A tabanca ardeu e ficou completamente destruída. Morreram durante o ataque três pessoas: um furriel europeu, salvo erro chamado Silva, um soldado negro, o Mica Djaló, que eu tinha eliminado no 4º curso de comandos em Mansabá,  e um rapaz de cerca de 13 ou 14 anos que trabalhava para o furriel europeu que tinha morrido[9].

Durante a flagelação, que nunca mais acabava, a certa altura, chegou-se ao pé de mim um soldado da minha companhia, chamado Ansumane, que me disse que, no local onde se encontrava, tinham morrido todos, que ele tinha sido o único que tinha escapado. Perguntei-lhe pelo comandante do grupo, respondeu que não sabia. Chamei o Mamadu Mané, que era o comandante da milícia local, e disse-lhe para ir comigo, acompanhados de alguns voluntários do meu grupo.

Nessa altura, estávamos debaixo de fogo, continuavam a cair mísseis na zona do quartel, mas não impediram a nossa ida. Quando lá chegámos vimos três corpos enterrados numa vala e alguns feridos. Conseguimos retirá-los, com muita dificuldade, e transportar os feridos para a enfermaria, onde lhes prestaram os primeiros socorros, ainda durante a madrugada, até que, de manhã, foram evacuados.

Foram muitas as operações e emboscadas que fizemos na zona de Canquelifá e Piche. É difícil, para mim, recordar os pormenores de todas. De algumas eu fui tomando pequenas notas. Noutras, eu estava cansado e também aconteceu ter que sair outra vez. E depois esqueci-me.
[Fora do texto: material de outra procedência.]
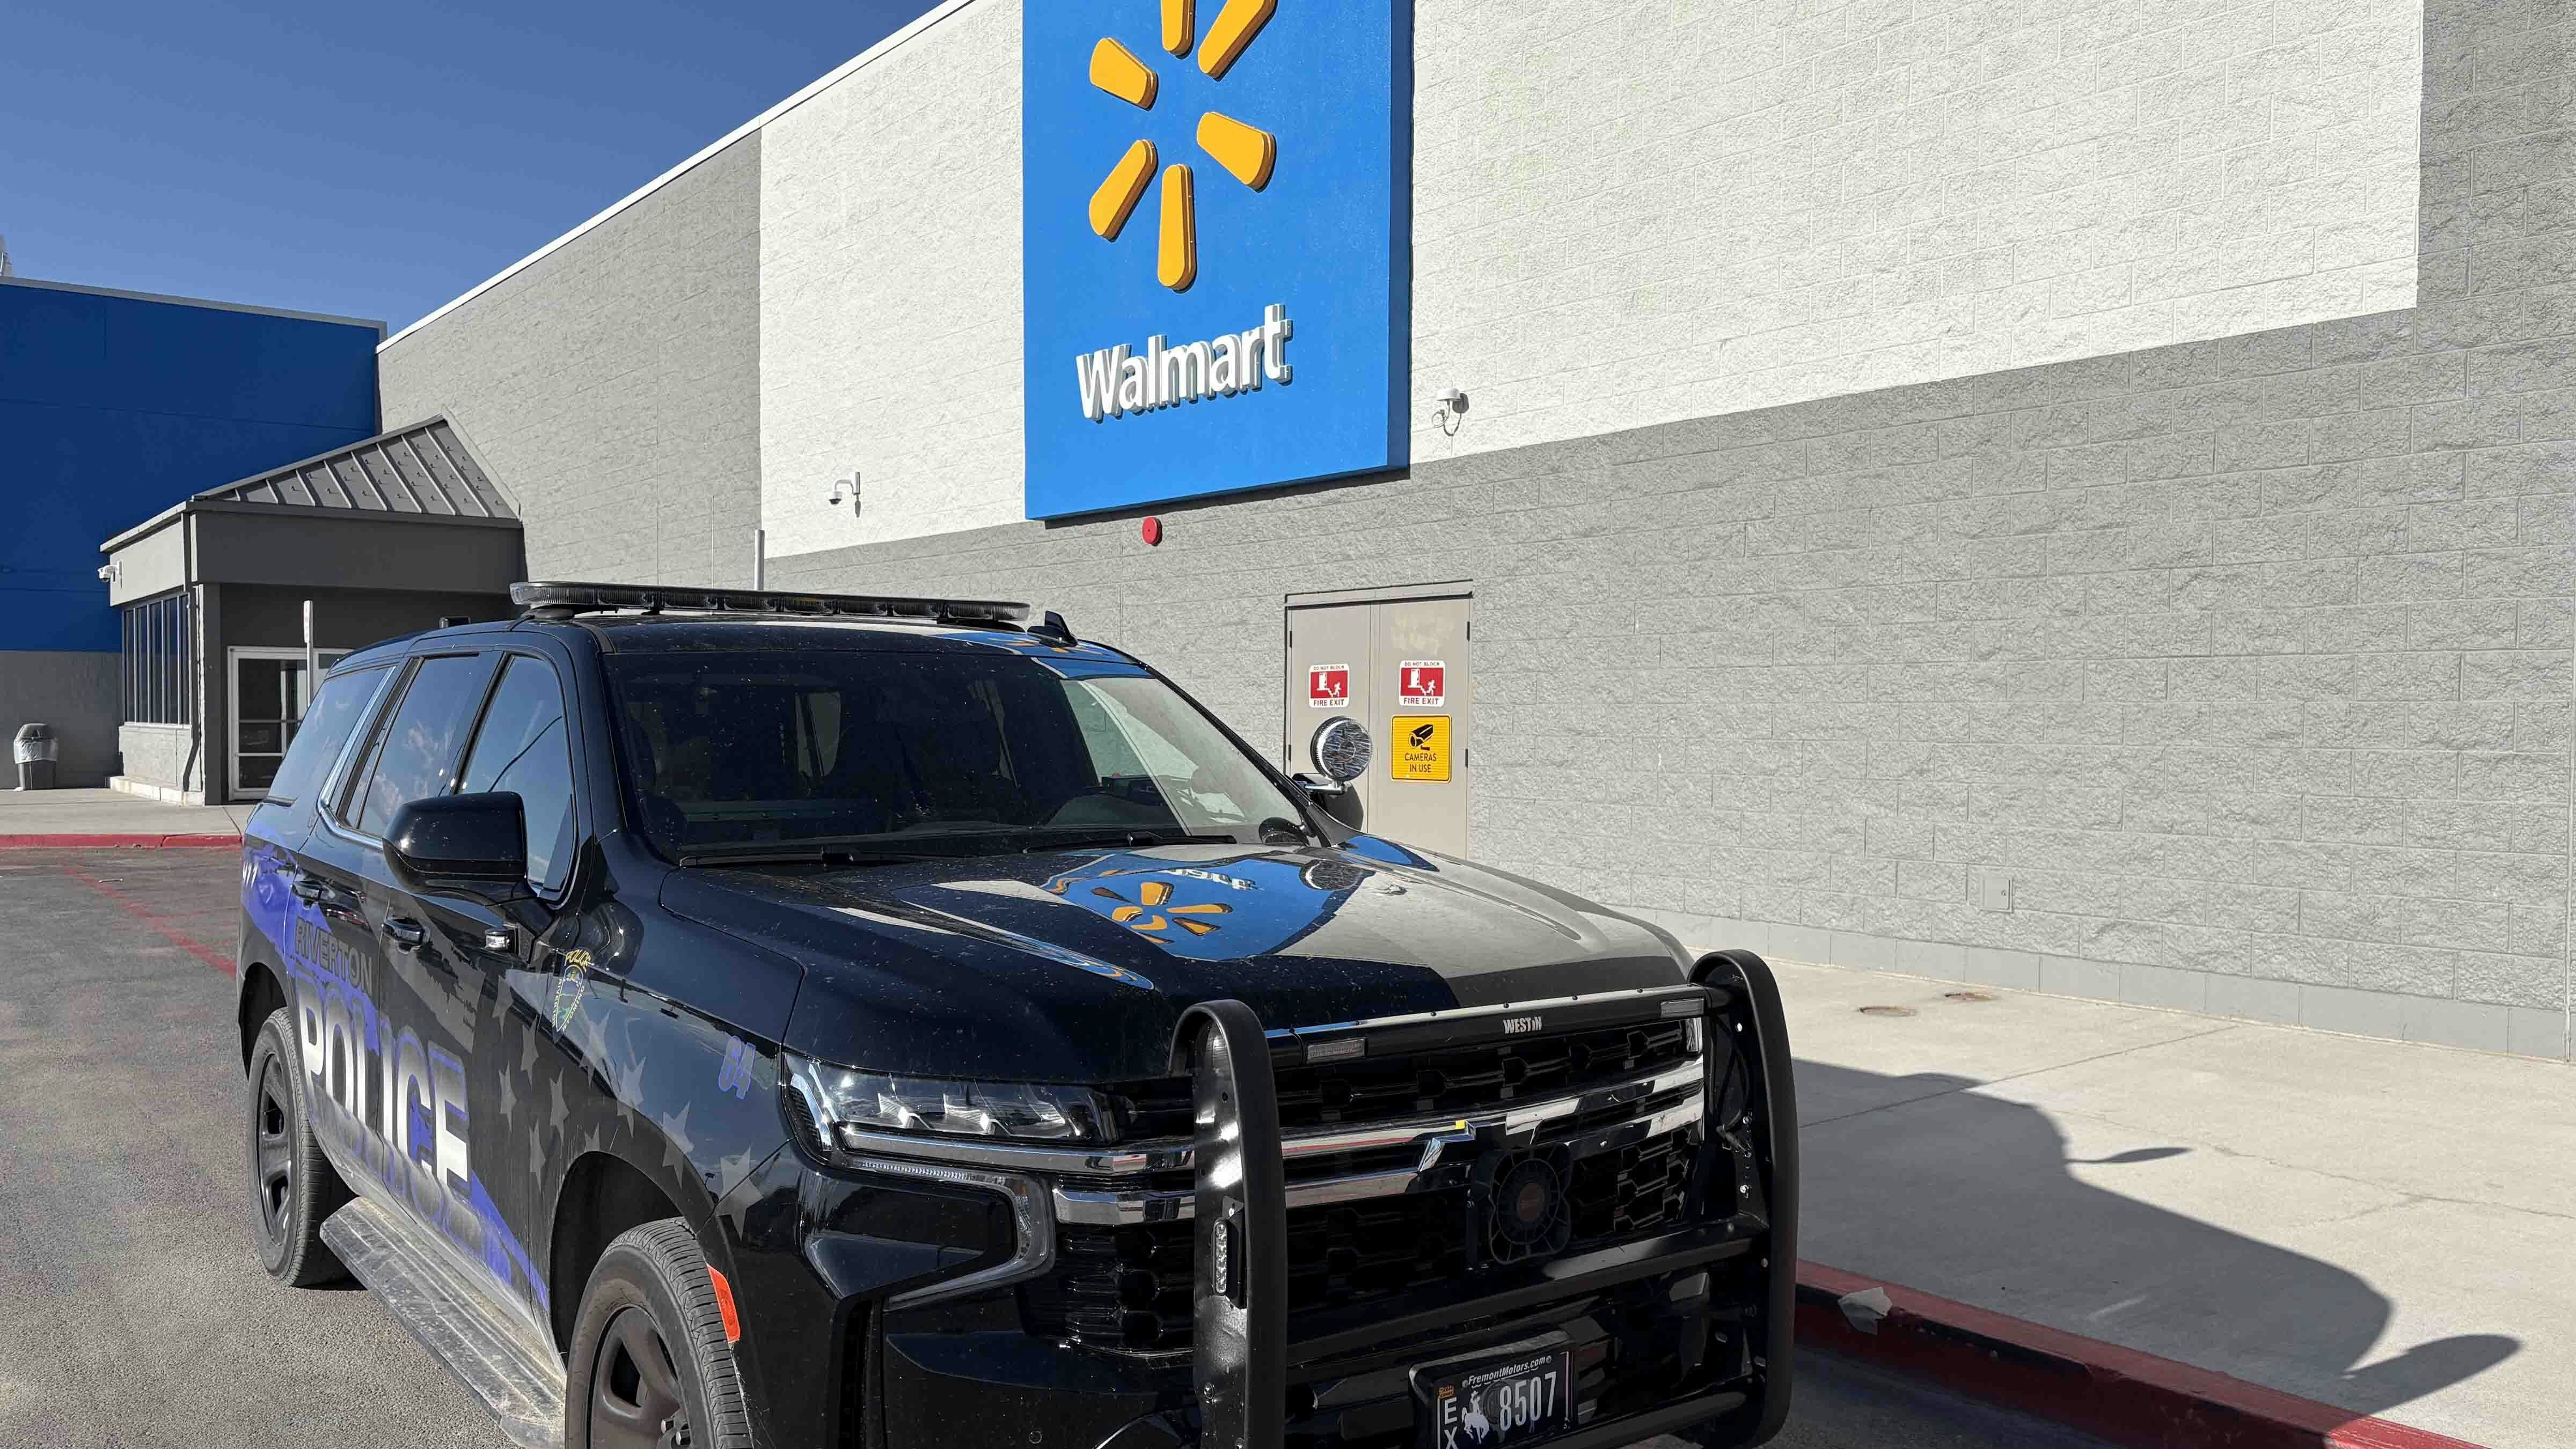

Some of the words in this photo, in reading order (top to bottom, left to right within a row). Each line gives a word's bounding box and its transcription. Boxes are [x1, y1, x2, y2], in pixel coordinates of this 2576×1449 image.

Recordo-me de duas emboscadas[10], entre Piche e Canquelifá, em que numa, mesmo ao nosso lado, os milícias tiveram um morto e alguns feridos e na outra só tivemos alguns feridos ligeiros.

A minha companhia saiu uma vez com a companhia de europeus, para a zona do Gabu. Saímos de Piche, em viaturas, e cerca de cinco minutos depois caímos numa emboscada[11]. Tivemos seis mortos[12], entre as quais o Bailo, soldado do meu grupo. Nesta emboscada perdemos um carro blindado[13].

De outra vez, deixámos Piche para irmos ao rio Corubal[14]. Quando nos estávamos a aproximar do rio,  vimos pegadas frescas, caixas de fósforos e maços de cigarros vazios. Era uma zona muito utilizada pelo inimigo. 

Na conversa com o guia, este disse-me que todos os acampamentos do PAIGC ficavam na outra margem e que para este lado só vinham quando faziam patrulhas ou para atacarem o quartel, a maior parte durante a noite.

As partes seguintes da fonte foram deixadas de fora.